De associatie bleef bestaan na verdere
aanpassingen v.w.b. de body-mass index (BMI). Na deze aanpassing
waren de risicoratio’s voor GDM onder vrouwen die 1-3, 4-6 en 7 keer
of meer per week gefrituurd voedsel tot zich namen in vergelijking
met degenen die minder dan 1 keer per week dit aten, respectievelijk
1.06, 1.14 en 1.88 (dus een verhoogd risico van 88% bij 7 keer of
meer per week tegen minder dan een keer per week).

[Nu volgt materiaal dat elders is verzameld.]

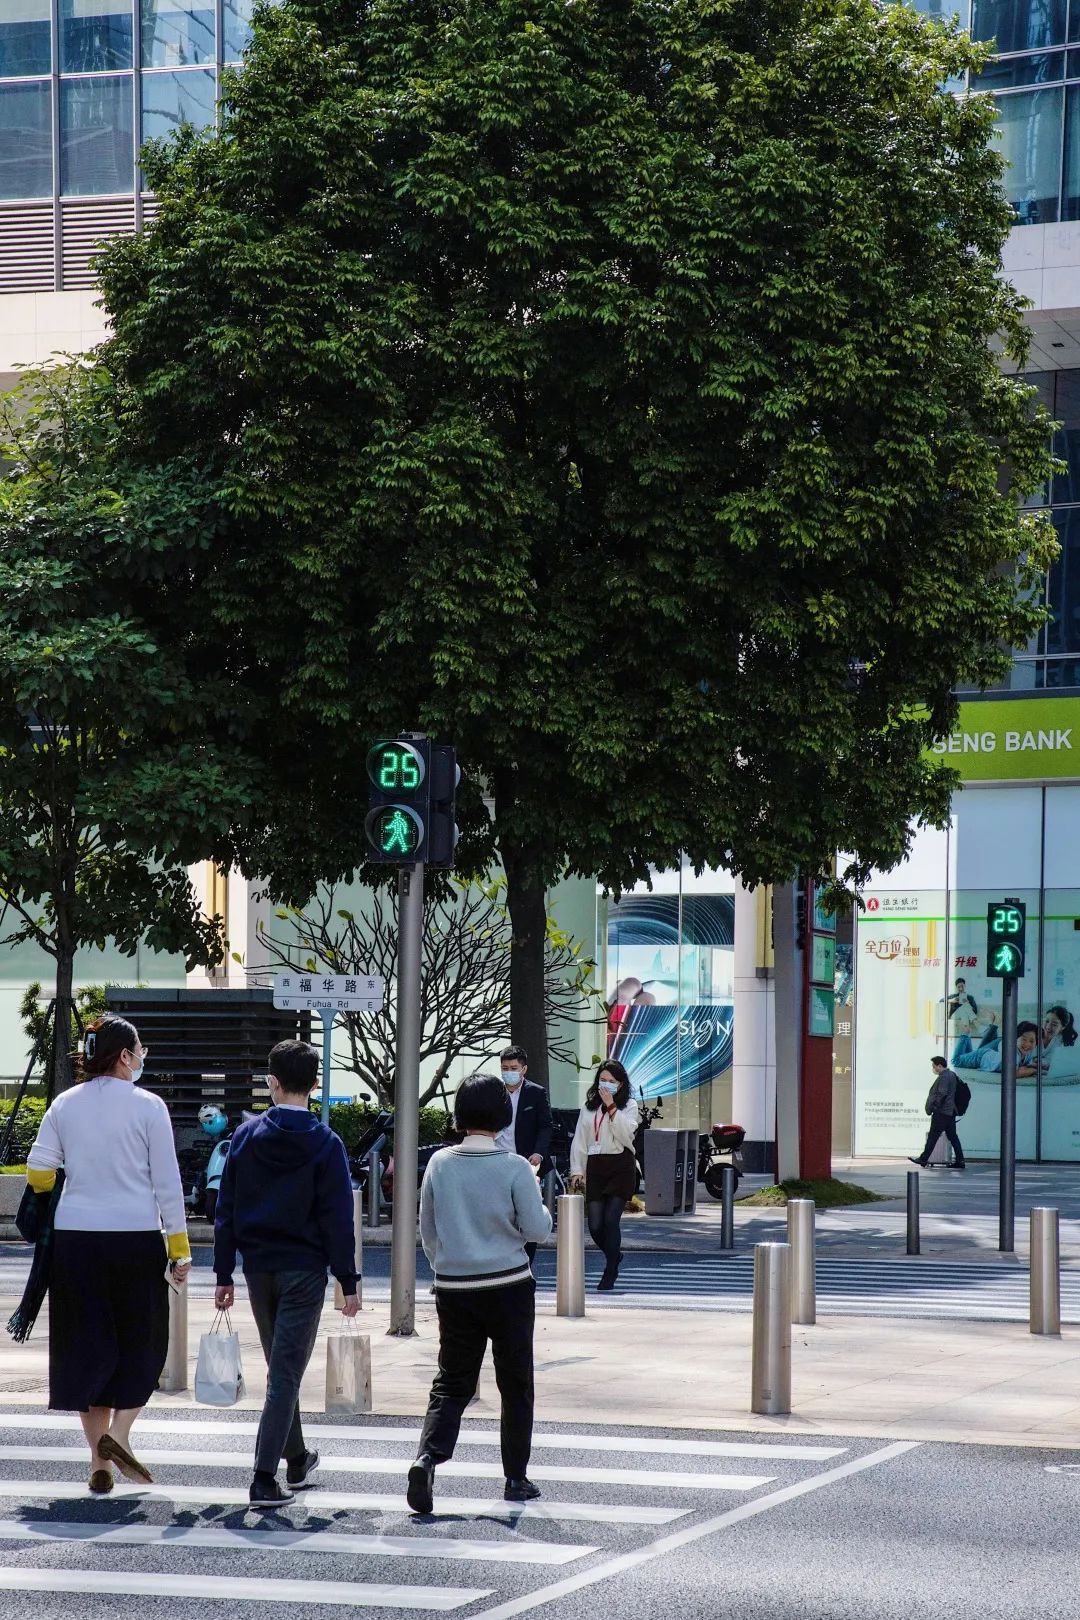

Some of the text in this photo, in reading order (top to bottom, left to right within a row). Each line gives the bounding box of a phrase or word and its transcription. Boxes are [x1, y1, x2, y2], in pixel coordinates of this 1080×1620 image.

[1005, 729, 1073, 752] BANK
[380, 752, 418, 788] 25
[994, 910, 1019, 932] 25
[865, 940, 902, 953] 全方位
[955, 956, 978, 968] 升级
[282, 978, 375, 993] 西 福华路 东
[306, 1000, 332, 1008] Fuhua
[837, 1022, 851, 1036] 理

De auteurs zeggen: ”De potentiële nadelige effecten van gefrituurde
voedselconsumptie op GDM kan komen door modificatie van
voedingsmiddelen en het frituurgemiddelde en vorming van schadelijke
bijproducten tijdens het bereidingsproces. Frituren verslechtert de
oliën door de processen van oxidatie en hydrogenering, wat leidt tot
de absorptie van olie-afbraakproducten door de voedingsmiddelen die
worden gebakken en een verlies van onverzadigde vetzuren zoals
linolzuur en linoleenzuur en een verhoging van overeenkomstige
transvetzuren zoals trans-linolzuur en trans-linoleenzuur.”

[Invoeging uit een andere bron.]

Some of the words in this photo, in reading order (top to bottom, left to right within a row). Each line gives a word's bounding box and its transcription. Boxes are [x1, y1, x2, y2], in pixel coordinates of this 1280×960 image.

Zij voegen toe: ”Frituren kan ook resulteren in
veel hogere niveaus van voedings geavanceerde glycatie eindproducten
(Advanced Glycation Endproduct, AGEs), de derivaten van
glucose-eiwit of glucose-lipide interacties. Recent is ontdekt dat
AGEs betrokken zijn bij insulineresistentie, pancreatische beta-cel
schade en diabetes, deels omdat ze oxidatieve stress en ontstekingen
bevorderen. Bovendien tonen interventie studies dat met een dieet
dat laag in AGEs is aanzienlijke verbetering van de
insulinegevoeligheid, verminderde oxidatieve stress en verminderde
ontsteking optreedt.”
Wanneer het afzonderlijk geanalyseerd werd vonden
de auteurs dat er een statistisch significant verband was tussen GDM
en gefrituurde consumptie buitenshuis maar er was geen verband
tussen GDM en thuis geconsumeerde gefrituurde voeding. De auteurs
zeggen: ”Verslechtering van de olie tijdens het frituren is sterker
wanneer de oliën worden hergebruikt, wat vaker buitenshuis gebeurt
dan thuis. Dit kan deels verklaren waarom we een sterkere associatie
zagen van het GDM risico met gefrituurd voedsel consumptie
buitenshuis dan met geconsumeerde gefrituurde voeding thuis.”
Over het algemeen concluderen de auteurs: ”We
zagen in een prospectieve cohort studie dat frequente gefrituurde
voedselconsumptie aanzienlijk en positief geassocieerd werd met het
risico van incidentele GDM. Onze studie geeft aan dat er potentiële
voordelen zijn, door het beperken van gefrituurde voedselconsumptie,
in de preventie van GDM bij vrouwen in de voortplantingsleeftijd.
Verdere studies zijn gerechtvaardigd om onze bevindingen te
bevestigen en om de onderliggende mechanismen te ontdekken.”